Cat chromosome A1 is the result of a fusion of two chromosomes corresponding to human chromosomes 13 and 5 (Figure 2a). Marker order of the portion corresponding to human chromosome 13 was substantially conserved with respect to the mammalian ancestor (Figure 2a). In cat, markers N (distal telomeric in most species) and H8 (pericentromeric in OWM and pig) yielded duplicated signals at the FCA-A1 centromere and at the H8 locus (Figure 1f). In cattle (BTA), chromosome BTA12 contained a large paracentric inversion relative to the ancestral chromosome. The breakpoints of this inversion were mapped at the ancestral centromere (marker A) and between markers H and I, where the OWM and pig evolutionarily new centromeres are located.
Chromosome 13 rearrangements in New World monkeys
Reiterative FISH experiments using additional human BAC clones were performed to more finely map the chromosome 13 fission and inversion breakpoints in NWMs (Table 1, Figure 2a). Human BAC probes that spanned breakpoints were identified by hybridization to both sides of the break on separate locations or chromosomes. In the dusky titi (CMO), the fission breakpoint was localized to probe C1 (BAC RP11-136G6, Table 1), which hybridized to the pericentromeric region of both CMO21 and CMO18 (Figure 2a). In the common marmoset (CJA, Callitrichinae), the fission breakpoint between markers F and G was localized to probe G2 (BAC RP11-939G7, Table 1), which hybridized to both the telomere of CJA5 and the centromere of CJA chromosome 1. The breakpoint of a subtelomeric inversion in CJA1 encompassing markers N-M-L was also mapped to probe K2 (RP11-351H1, Table 1), which hybridized to both the breakpoint and the telomere (Figure 2a).

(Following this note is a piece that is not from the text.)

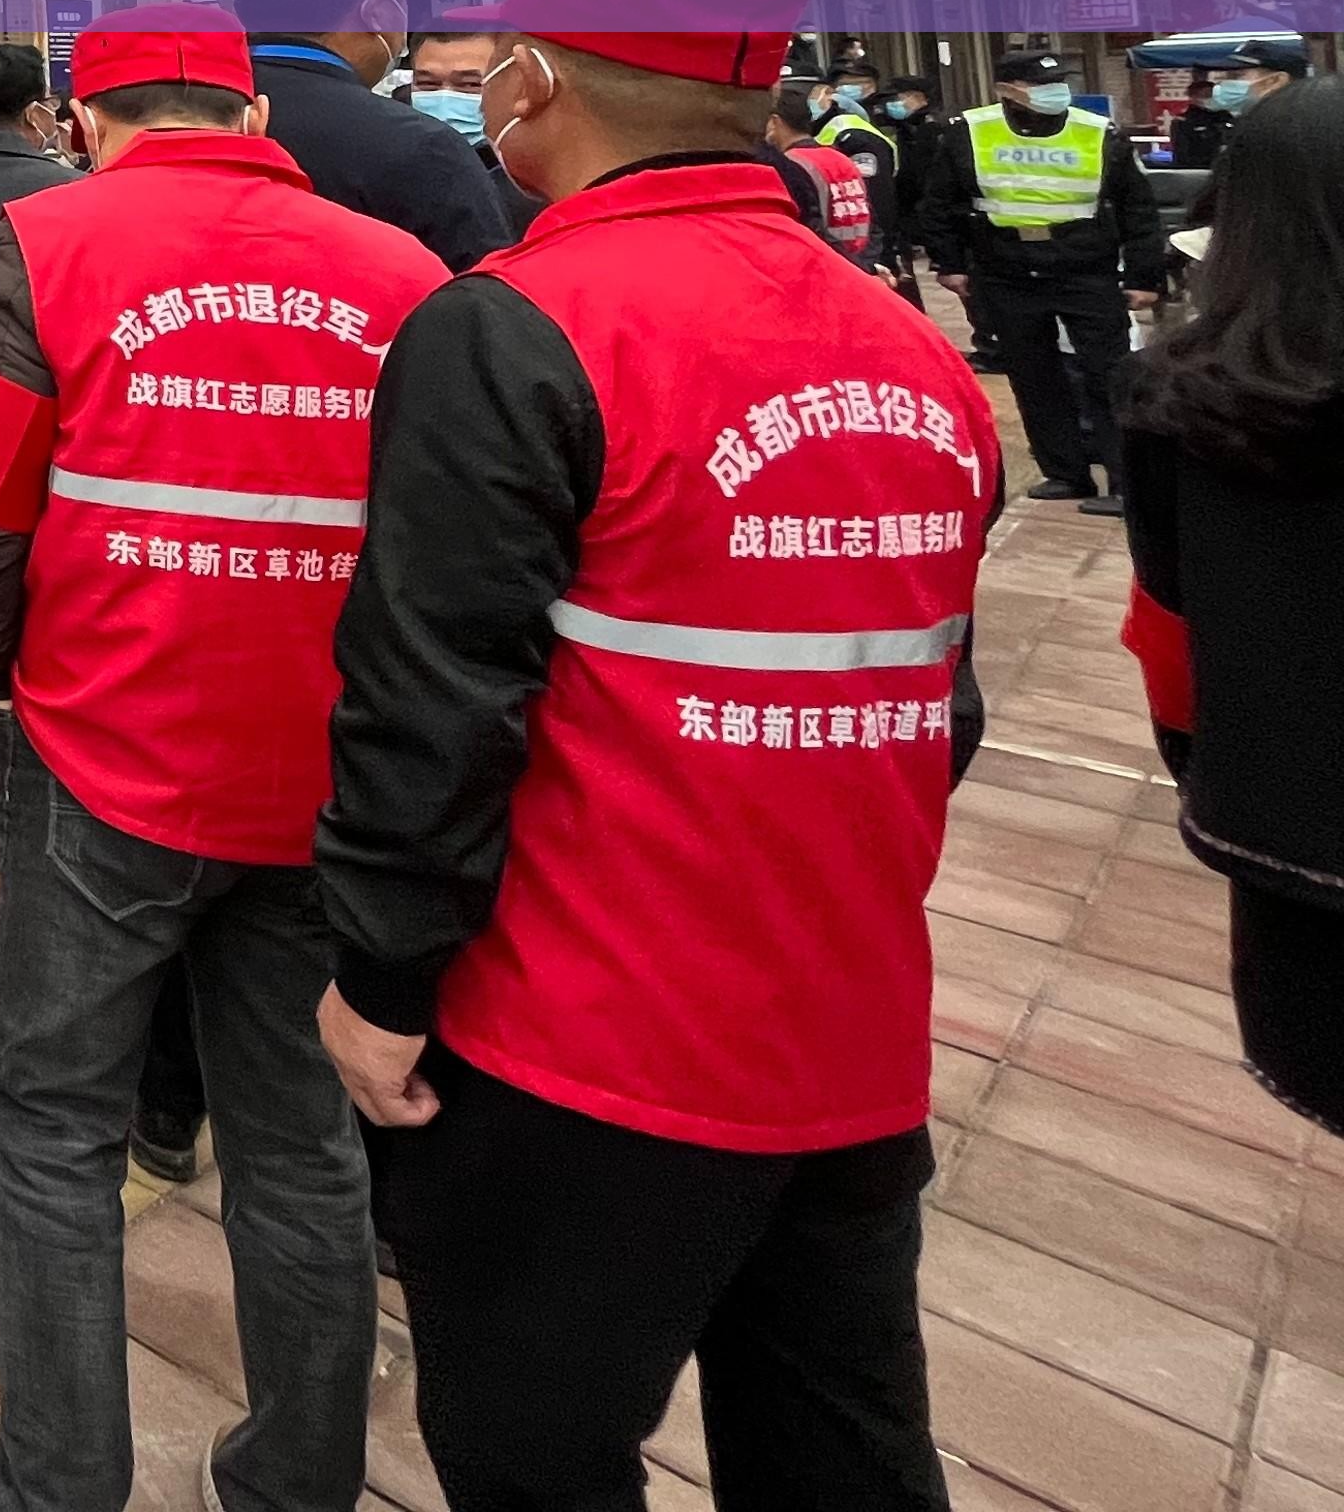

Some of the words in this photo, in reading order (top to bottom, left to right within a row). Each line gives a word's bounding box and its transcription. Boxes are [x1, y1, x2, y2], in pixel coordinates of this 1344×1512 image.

[997, 149, 1077, 165] POLICE
[127, 373, 375, 420] 战旗红志愿服务队
[705, 379, 981, 498] 成都市退役军人
[729, 510, 964, 559] 战旗红志愿服务队

In the wooly monkey (LLA), marker order was substantially conserved with respect to the NWM ancestor, except for the location of marker A between markers D and E, where an evolutionarily new centromere can be hypothesized (Figure 2a). Further analysis showed that a region of approximately 1.5 Mb delimited by markers B1 and A1 (Table 1) was found transposed from the pericentromeric region of the assumed primate ancestral chromosome to the new centromeric region of LLA8 (Figure 2a). Co-hybridization experiments suggested that the orientation of the segment toward the centromere is conserved with respect to humans. Marker B1 appeared to span the transposition breakpoint, while marker A1 was located adjacent to the heterochromatin/pericentromere boundary on the short-arm side. In this context it is worth noting that Cebidae (SSC and CJA) and Atelidae (LLA) diverged after the split of their common ancestor from Pitheciidae (CMO) .

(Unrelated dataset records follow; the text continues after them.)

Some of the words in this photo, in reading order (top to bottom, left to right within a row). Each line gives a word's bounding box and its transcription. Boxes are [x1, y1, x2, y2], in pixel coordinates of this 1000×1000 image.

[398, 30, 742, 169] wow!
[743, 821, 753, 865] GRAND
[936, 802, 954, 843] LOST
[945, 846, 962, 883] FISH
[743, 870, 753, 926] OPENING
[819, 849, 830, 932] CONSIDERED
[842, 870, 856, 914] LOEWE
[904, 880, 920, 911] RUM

A genomic microarray (CHIP) was constructed containing 107 contiguous BACs (Figure 3d) spanning the entire ring13q21 chromosome, from BAC RP11-468L10 to RP11-332E3, inclusive. Neocentromere DNA from the invdup13q14 chromosome was obtained by chromatin immunoprecipitation (ChIP) from the cell line using antibodies to CENP-A. CENP-A ChIP DNA labeled with Cy-5 and input chromatin DNA labeled with Cy-3 were simultaneously hybridized to the genomic microarray, and positive BACs identified by the Cy-5/Cy-3 intensity ratios .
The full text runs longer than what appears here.